Every investor on earth makes bad calls sometimes. But really bad investments should be rare. So consider, for a moment, the misfortune of UUV Aquabotix Limited (ASX:UUV) investors who have held the stock for three years as it declined a whopping 99%. That might cause some serious doubts about the merits of the initial decision to buy the stock, to put it mildly. And the ride hasn't got any smoother in recent times over the last year, with the price 90% lower in that time. The falls have accelerated recently, with the share price down 50% in the last three months. Of course, this share price action may well have been influenced by the 22% decline in the broader market, throughout the period.
We really feel for shareholders in this scenario. It's a good reminder of the importance of diversification, and it's worth keeping in mind there's more to life than money, anyway.
UUV Aquabotix recorded just AU$330,818 in revenue over the last twelve months, which isn't really enough for us to consider it to have a proven product. This state of affairs suggests that venture capitalists won't provide funds on attractive terms. So it seems that the investors focused more on what could be, than paying attention to the current revenues (or lack thereof).

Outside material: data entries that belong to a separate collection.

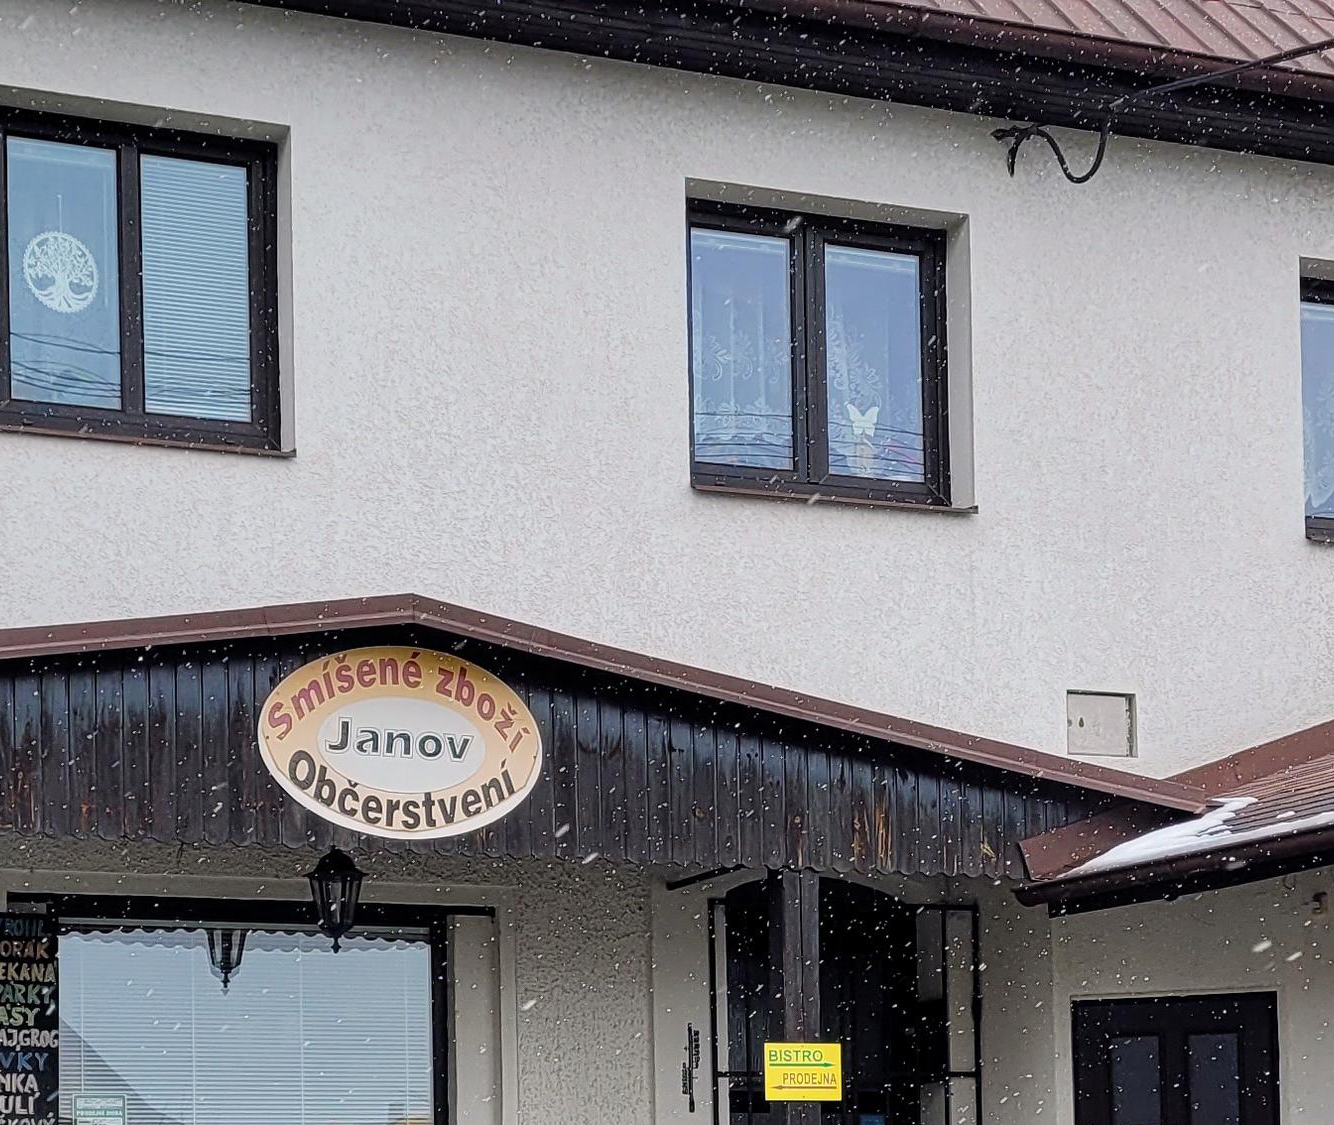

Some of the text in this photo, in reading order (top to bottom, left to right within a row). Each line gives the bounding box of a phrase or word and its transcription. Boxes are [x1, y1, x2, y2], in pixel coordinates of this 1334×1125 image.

[267, 652, 530, 753] Smíšené zboží
[326, 717, 471, 761] Janov
[288, 749, 515, 829] Občerstvení
[769, 1050, 823, 1062] BISTRO
[783, 1073, 837, 1085] PRODEJNA

Investors will be hoping that UUV Aquabotix can make progress and gain better traction for the business, before it runs low on cash.
As a general rule, if a company doesn't have much revenue, and it loses money, then it is a high risk investment. You should be aware that the company needed to issue more shares recently so that it could raise enough money to continue pursuing its business plan. While some such companies go on to make revenue, profits, and generate value, others get hyped up by hopeful naifs before eventually going bankrupt. Some UUV Aquabotix investors have already had a taste of the bitterness stocks like this can leave in the mouth.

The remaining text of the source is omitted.